= WHAT TO PRODUCE =
Copy out the entries exactly. Print them in full.

= EXERCISE DATA =
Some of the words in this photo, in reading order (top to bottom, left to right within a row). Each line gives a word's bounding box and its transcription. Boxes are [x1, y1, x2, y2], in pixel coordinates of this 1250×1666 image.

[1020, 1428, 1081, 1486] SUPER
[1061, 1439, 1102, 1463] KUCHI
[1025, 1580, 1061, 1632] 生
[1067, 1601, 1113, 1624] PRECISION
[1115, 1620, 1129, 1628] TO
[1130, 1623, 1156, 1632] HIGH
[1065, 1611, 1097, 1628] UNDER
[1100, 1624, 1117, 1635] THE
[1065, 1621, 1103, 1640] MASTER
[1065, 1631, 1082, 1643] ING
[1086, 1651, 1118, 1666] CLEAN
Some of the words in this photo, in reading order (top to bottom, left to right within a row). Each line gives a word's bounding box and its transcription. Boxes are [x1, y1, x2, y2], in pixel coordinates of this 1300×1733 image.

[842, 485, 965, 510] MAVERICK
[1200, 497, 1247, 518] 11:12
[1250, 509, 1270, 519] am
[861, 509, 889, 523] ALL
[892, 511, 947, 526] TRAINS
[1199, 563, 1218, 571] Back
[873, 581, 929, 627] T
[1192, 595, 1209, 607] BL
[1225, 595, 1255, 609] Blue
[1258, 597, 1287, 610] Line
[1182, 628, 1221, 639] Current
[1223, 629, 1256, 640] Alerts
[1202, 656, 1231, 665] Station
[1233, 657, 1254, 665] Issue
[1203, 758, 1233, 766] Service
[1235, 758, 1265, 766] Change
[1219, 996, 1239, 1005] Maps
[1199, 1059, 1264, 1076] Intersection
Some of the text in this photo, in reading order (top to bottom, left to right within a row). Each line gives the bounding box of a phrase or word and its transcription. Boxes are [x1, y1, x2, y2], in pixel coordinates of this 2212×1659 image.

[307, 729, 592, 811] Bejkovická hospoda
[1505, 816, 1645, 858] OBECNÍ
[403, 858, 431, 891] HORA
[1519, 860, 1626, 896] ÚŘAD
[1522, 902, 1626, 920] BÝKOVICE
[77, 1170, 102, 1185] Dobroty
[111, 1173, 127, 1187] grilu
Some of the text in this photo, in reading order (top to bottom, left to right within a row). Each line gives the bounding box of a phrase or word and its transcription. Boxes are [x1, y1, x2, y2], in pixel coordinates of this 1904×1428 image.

= OUTPUT FOR THIS EXERCISE =
Some of the words in this photo, in reading order (top to bottom, left to right within a row). Each line gives a word's bounding box and its transcription. Boxes are [x1, y1, x2, y2], in pixel coordinates of this 1250×1666 image.

[1020, 1428, 1081, 1486] SUPER
[1061, 1439, 1102, 1463] KUCHI
[1025, 1580, 1061, 1632] 生
[1067, 1601, 1113, 1624] PRECISION
[1115, 1620, 1129, 1628] TO
[1130, 1623, 1156, 1632] HIGH
[1065, 1611, 1097, 1628] UNDER
[1100, 1624, 1117, 1635] THE
[1065, 1621, 1103, 1640] MASTER
[1065, 1631, 1082, 1643] ING
[1086, 1651, 1118, 1666] CLEAN
Some of the words in this photo, in reading order (top to bottom, left to right within a row). Each line gives a word's bounding box and its transcription. Boxes are [x1, y1, x2, y2], in pixel coordinates of this 1300×1733 image.

[842, 485, 965, 510] MAVERICK
[1200, 497, 1247, 518] 11:12
[1250, 509, 1270, 519] am
[861, 509, 889, 523] ALL
[892, 511, 947, 526] TRAINS
[1199, 563, 1218, 571] Back
[873, 581, 929, 627] T
[1192, 595, 1209, 607] BL
[1225, 595, 1255, 609] Blue
[1258, 597, 1287, 610] Line
[1182, 628, 1221, 639] Current
[1223, 629, 1256, 640] Alerts
[1202, 656, 1231, 665] Station
[1233, 657, 1254, 665] Issue
[1203, 758, 1233, 766] Service
[1235, 758, 1265, 766] Change
[1219, 996, 1239, 1005] Maps
[1199, 1059, 1264, 1076] Intersection
Some of the text in this photo, in reading order (top to bottom, left to right within a row). Each line gives the bounding box of a phrase or word and its transcription. Boxes are [x1, y1, x2, y2], in pixel coordinates of this 2212×1659 image.

[307, 729, 592, 811] Bejkovická hospoda
[1505, 816, 1645, 858] OBECNÍ
[403, 858, 431, 891] HORA
[1519, 860, 1626, 896] ÚŘAD
[1522, 902, 1626, 920] BÝKOVICE
[77, 1170, 102, 1185] Dobroty
[111, 1173, 127, 1187] grilu
Some of the text in this photo, in reading order (top to bottom, left to right within a row). Each line gives the bounding box of a phrase or word and its transcription. Boxes are [x1, y1, x2, y2], in pixel coordinates of this 1904×1428 image.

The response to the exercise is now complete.